The initiative avoids a significant number of motorway miles given the vans would have been driving from the depot to their destination each day.

“This project is already having a massive impact on communities in the towns involved,” Des explains. 

Rather than having diesel vans driving into these urban areas, we are using electric bikes which really improves the delivery experience.

"It has really grown into a triple-win — it avoids CO2 emissions, it reduces congestion, and it allows us to deliver parcels more efficiently.
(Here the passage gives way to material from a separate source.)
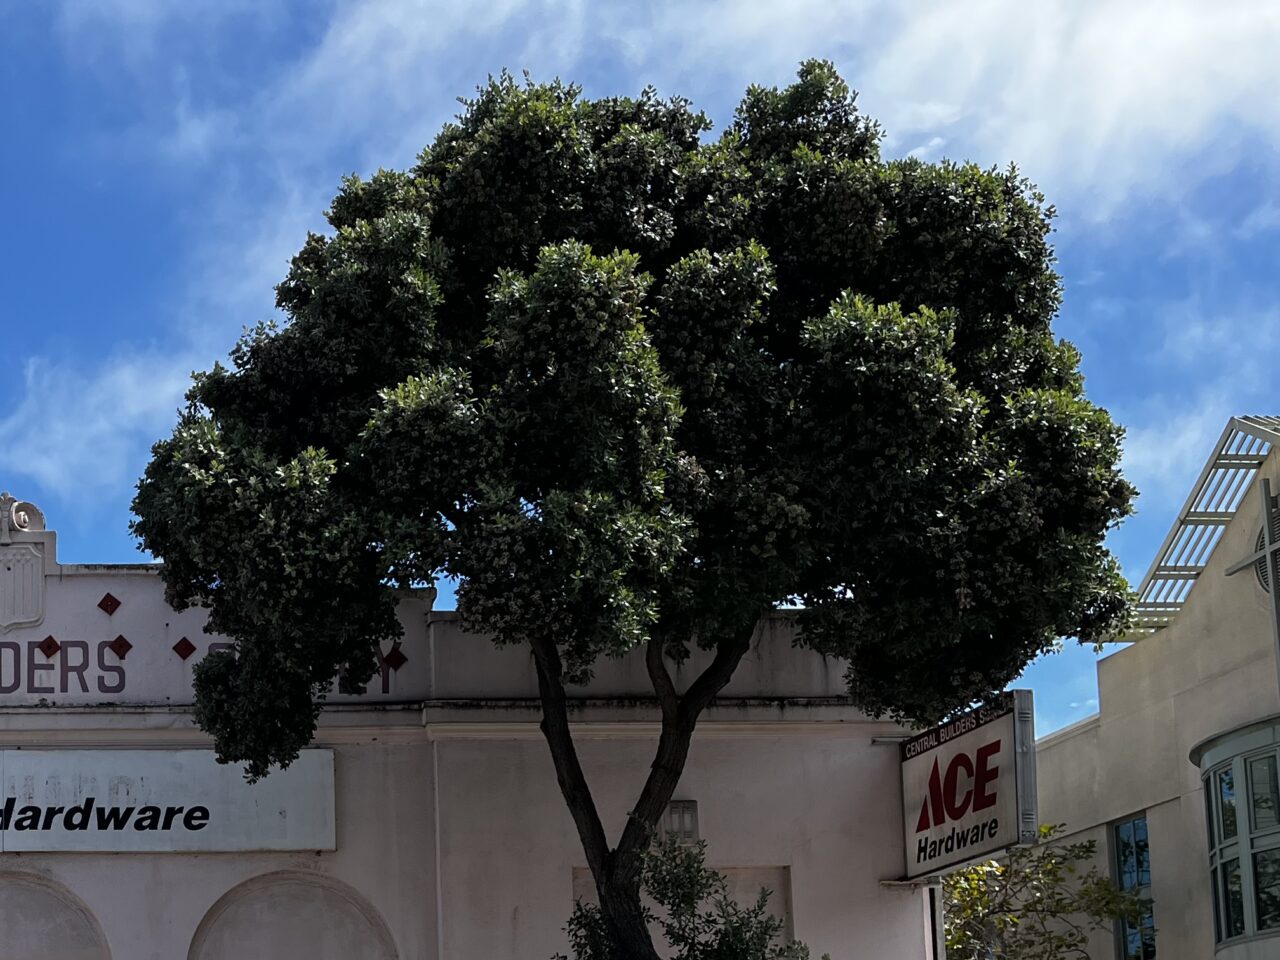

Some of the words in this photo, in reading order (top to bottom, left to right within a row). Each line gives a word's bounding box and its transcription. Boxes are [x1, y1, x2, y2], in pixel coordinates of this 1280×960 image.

We are looking very closely to see how we can replicate the scheme’s success elsewhere.”

Looking to its future workforce needs, DPD is running a Logistics Associate Apprenticeship programme, consisting of one day a week studying at Technology University Dublin and four days a week working at DPD. It is seen as the optimum entry point into the Logistics, Freight, Shipping and Distribution sectors for school graduates, mature students and career changers. 

Earn while you learn

It also offers upskilling opportunities for the existing employees with no former qualification who wish to advance their careers in logistics, with the added benefit of ‘earning while learning’.

As to the ever-changing consumer habits and how they have been influenced by the pandemic, the annual DPD group e-shopper barometer report sheds light on the latest tastes and behaviours of Europeans who buy online. 

Fashion, a long-time favourite, declined significantly in 2020, while other categories such as high-tech, cosmetics, home furnishing/DIY, and sports equipment all showed impressive growth.

However, the true king of 2020 was the grocery category. Driven by consumers eating far more often at home, online purchase volumes of groceries reached remarkable levels worldwide, with grocery stores experiencing a 95% increase in transactions between March and December.